Teach Phonological Awareness. This is the ability to identify and manipulate sounds within spoken words. For example, say the word bat without the /b/ sound. Unfortunately, may struggling readers struggle with phonological awareness. To develop proficiency, they need instruction.
- Good phonics instruction should develop phonological awareness. The key to learning to decode words is the [alphabetic] principle that letters can represent sounds
- The key to the development of the alphabetic principle, word recognition, and invented spelling is phonological awareness
- Phoneme awareness [part of phonological awareness] is the awareness of sounds in spoken words. As words are spoken, most sounds cannot be said by themselves. For example, the spoken word /cat/ has one continuous sound and is not pronounced “kuh-a-tuh.”
- Children ordinarily concentrate on the meaning and do not think of the sounds in the word. But, since letters represent sounds, a child must learn to think of words as having both meaning and sound in order to understand the alphabetic principle. (Stahl, Duffy-Hester, & Stahl, 1998, p. 340, references omitted)
Three keys to helping these children become fluent readers are to teach them how to quickly and accurately recognize words, to give them lots of daily practice in doing so, and to engage them in lots reading they find easy and enjoyable. This will help them to quickly identify words.
- Good phonics instruction leads to automatic word recognition. In order to read books, children need to be able to read words quickly and automatically. If a child stumbles over or has to decode slowly too many words, comprehension will suffer.
- Although we want children to have a strategy for decoding words they do not know, we also want children to recognize many words automatically and be able to read them in context. (Stahl, Duffy-Hester, & Stahl, 1998, p. 343, references omitted)
Here’s a way that can help struggling readers who struggle with the sounds of individual letters, especially vowel sounds. It uses word families, such ake: bake, brake, cake, make, quake, rake, sake, snake, take.
Word families are also called phonograms or rhymes.
- Recent scholarly inquiry into how children learn to decode words suggests that knowledge of certain sound and letter patterns in words may help readers figure out unfamiliar words. This is often called the analogy approach to word recognition, and a considerable amount of research supports its use as an instrument for word-recognition instruction
- Predominant among such letter patterns are onsets and rhymes. An onset is formed by the individual consonant or consonant combination (such as pl, ph, st, sch, str, or th) that precedes the first vowel in a word or syllable.

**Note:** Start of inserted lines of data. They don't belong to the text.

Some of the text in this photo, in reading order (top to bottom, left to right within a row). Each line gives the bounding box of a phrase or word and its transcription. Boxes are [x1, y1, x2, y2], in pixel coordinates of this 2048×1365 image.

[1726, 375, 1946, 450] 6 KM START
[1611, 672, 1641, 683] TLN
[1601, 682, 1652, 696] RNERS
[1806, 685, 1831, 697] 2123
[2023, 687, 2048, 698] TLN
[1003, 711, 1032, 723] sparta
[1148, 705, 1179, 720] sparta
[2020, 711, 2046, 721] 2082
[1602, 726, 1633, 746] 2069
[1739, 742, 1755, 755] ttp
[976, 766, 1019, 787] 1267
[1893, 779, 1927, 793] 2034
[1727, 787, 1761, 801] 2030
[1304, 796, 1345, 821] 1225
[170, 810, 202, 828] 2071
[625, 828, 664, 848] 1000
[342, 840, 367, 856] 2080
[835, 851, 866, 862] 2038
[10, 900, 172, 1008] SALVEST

- Rhymes are another name for letter combinations that we have for years called “phonograms” or “word families,” the part of a syllable that contains the vowel and all subsequent consonants. For example, in the word bat, the b is the onset and the at is the rime; in slick, the sl is the onset and the ick is the rhyme.

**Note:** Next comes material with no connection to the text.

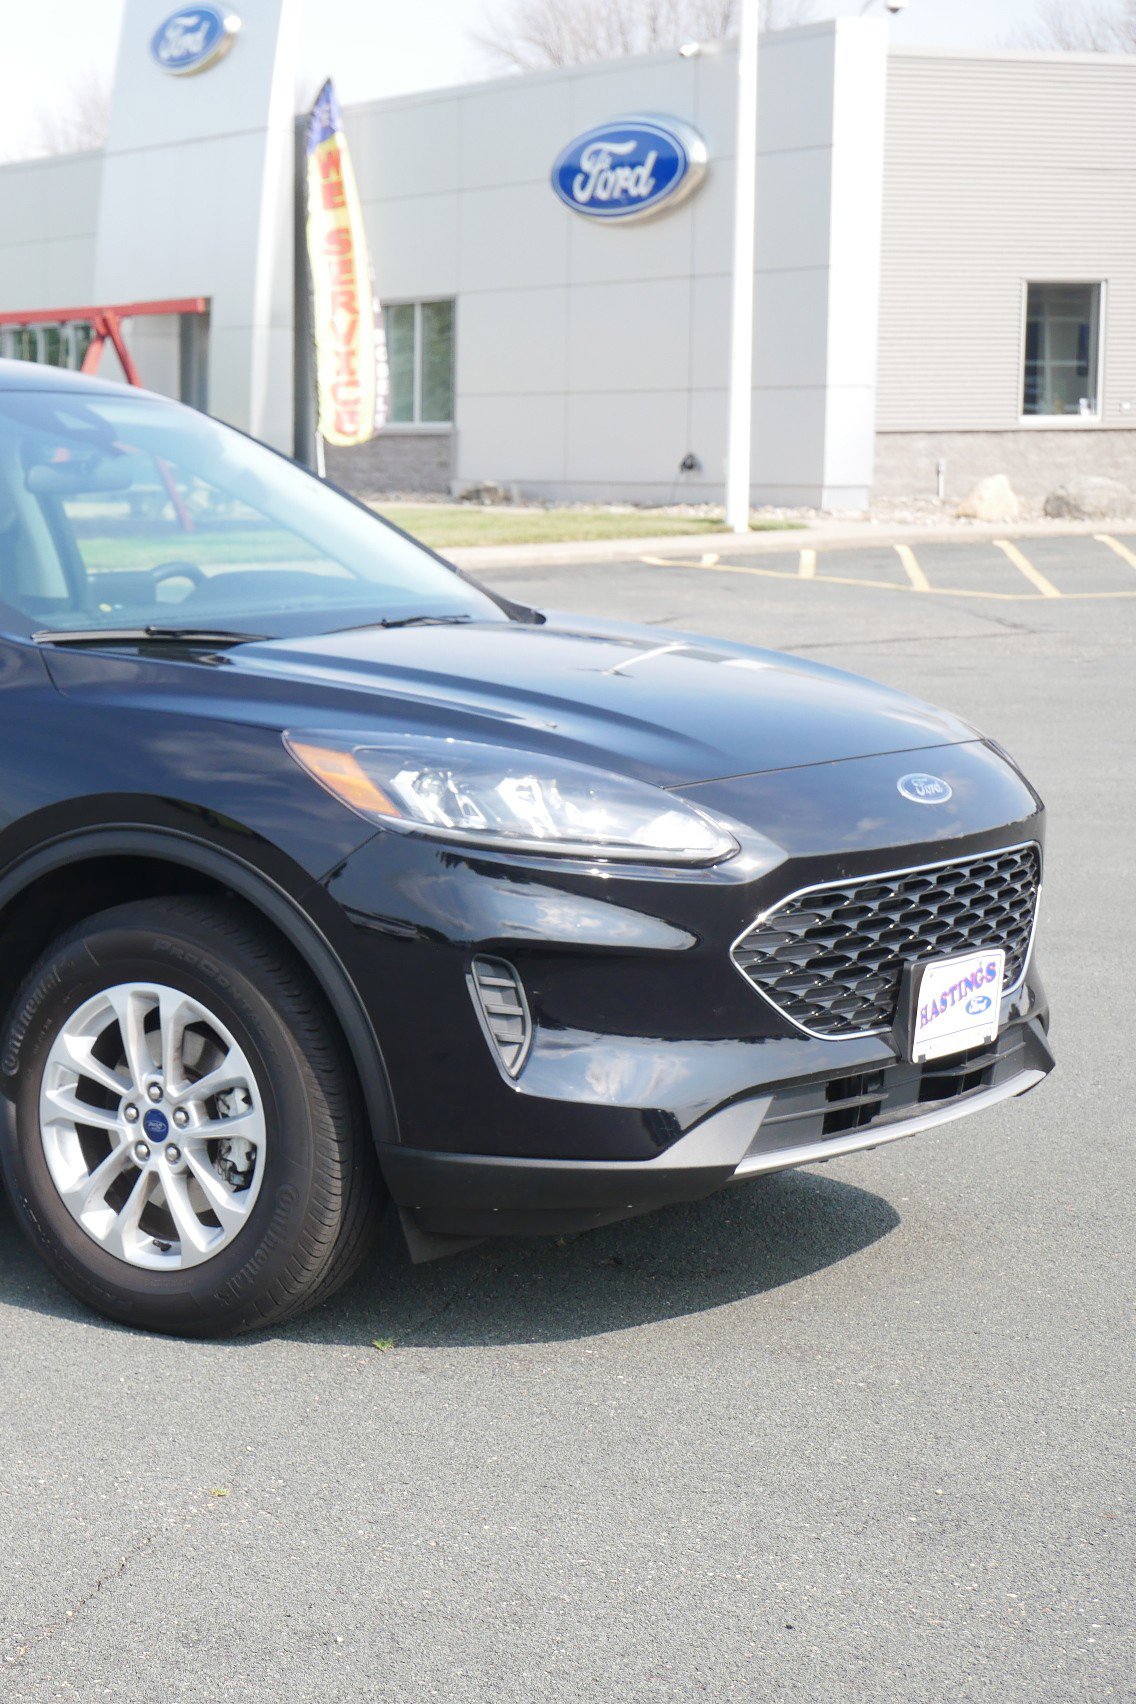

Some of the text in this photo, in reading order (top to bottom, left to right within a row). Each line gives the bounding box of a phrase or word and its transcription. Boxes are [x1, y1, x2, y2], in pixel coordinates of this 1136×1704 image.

[158, 15, 210, 59] Ford
[572, 140, 658, 204] Ford
[910, 778, 943, 797] Ford

- Fry (1998) has pointed out that just 38 common rime patterns can be used by readers to decode 654 one-syllable words. Moreover, these same rimes can also be helpful for partial decoding of a much larger number of longer, more difficult, multisyllabic words. (Rasinski, 1999)
- Has the school assessed his phonological awareness skills? If they’re poor, are his teachers teaching him how to identify and manipulate sounds he hears in words?
- Are his teachers teaching him to recognize words quickly and accurately, or just accurately?
- If he struggles when using individual letters to sound out (decode) unknown words, can his teachers teach him to use word families (rimes, phonograms)?
Rasinski, T. (1999). Making and Writing Words Using Letter Patterns. Retrieved 9/22/2011, from http://www.readingonline.org/articles/rasinski/MWW_LP.html.
Stahl, S.A., Duffy-Hester, A.M., & Stahl, K.A.D. (1998). Everything you wanted to know about phonics (but were afraid to ask). Reading Research Quarterly, 33, 338-355.